ポストコロナ時代の日本の大学はどこへ行こうとしているのか。筆者は『新制大学の誕生―戦後私立大学政策の展開』(玉川大学出版部,1996年)を刊行した。これは当時のGHQ/CI&E教育課長マーク・T・オアなど当事者からの聞き取り調査をもとにまとめたものである。その筆者が「新制大学の終焉」を書いているのも奇異なことである。「終焉」との表現は誤解を招く恐れがある。筆者の真意を説明しておきたい。新制大学の「花形」として登場したのが「一般教育」と「単位制度」であったが,それらが「終焉」したという意味においてである。

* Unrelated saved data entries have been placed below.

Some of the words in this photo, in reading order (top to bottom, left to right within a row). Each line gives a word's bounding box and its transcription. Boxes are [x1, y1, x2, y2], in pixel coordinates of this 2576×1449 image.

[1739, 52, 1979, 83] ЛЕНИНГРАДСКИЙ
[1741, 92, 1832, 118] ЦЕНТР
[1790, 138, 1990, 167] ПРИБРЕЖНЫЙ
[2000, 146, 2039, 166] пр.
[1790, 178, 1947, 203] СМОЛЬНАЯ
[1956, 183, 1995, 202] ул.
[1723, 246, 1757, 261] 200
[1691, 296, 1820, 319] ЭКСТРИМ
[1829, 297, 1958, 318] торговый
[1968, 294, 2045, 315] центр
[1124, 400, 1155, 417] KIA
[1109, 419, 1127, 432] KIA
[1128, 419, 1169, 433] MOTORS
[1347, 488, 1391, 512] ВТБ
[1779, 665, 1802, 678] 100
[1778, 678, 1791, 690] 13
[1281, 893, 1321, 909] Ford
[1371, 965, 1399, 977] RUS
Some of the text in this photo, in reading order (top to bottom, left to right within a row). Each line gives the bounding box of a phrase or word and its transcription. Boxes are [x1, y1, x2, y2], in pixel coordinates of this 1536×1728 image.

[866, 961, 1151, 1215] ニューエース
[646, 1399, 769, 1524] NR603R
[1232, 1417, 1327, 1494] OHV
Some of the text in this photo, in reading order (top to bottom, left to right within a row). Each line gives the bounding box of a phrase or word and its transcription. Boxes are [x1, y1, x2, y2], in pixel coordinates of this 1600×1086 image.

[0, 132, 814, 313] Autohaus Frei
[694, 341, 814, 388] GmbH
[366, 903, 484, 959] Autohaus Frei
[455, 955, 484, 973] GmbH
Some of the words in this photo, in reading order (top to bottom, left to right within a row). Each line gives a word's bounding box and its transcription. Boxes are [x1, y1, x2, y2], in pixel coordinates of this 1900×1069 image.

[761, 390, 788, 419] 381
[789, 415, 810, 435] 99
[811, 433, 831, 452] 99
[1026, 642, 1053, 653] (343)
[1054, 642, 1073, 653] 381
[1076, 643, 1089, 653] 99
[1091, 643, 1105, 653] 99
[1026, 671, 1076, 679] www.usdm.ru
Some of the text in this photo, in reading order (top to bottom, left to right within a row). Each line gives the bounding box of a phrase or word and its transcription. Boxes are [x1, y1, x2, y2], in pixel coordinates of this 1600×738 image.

結論から言えば,「新制大学(一般教育と単位制度)」の終焉は「想定内」であった。なぜなら,当初から「砂上の楼閣」に過ぎなかったからである。なぜ,「花形」とまで「称賛」された戦後大学改革の「目玉」が「失墜」したのか,いくつかの要因が考えられる。その一つは,それらが戦前に存在しなかった新しい制度で,アメリカからの直輸入であったため,どのようなものかわからないまま導入したことに起因した。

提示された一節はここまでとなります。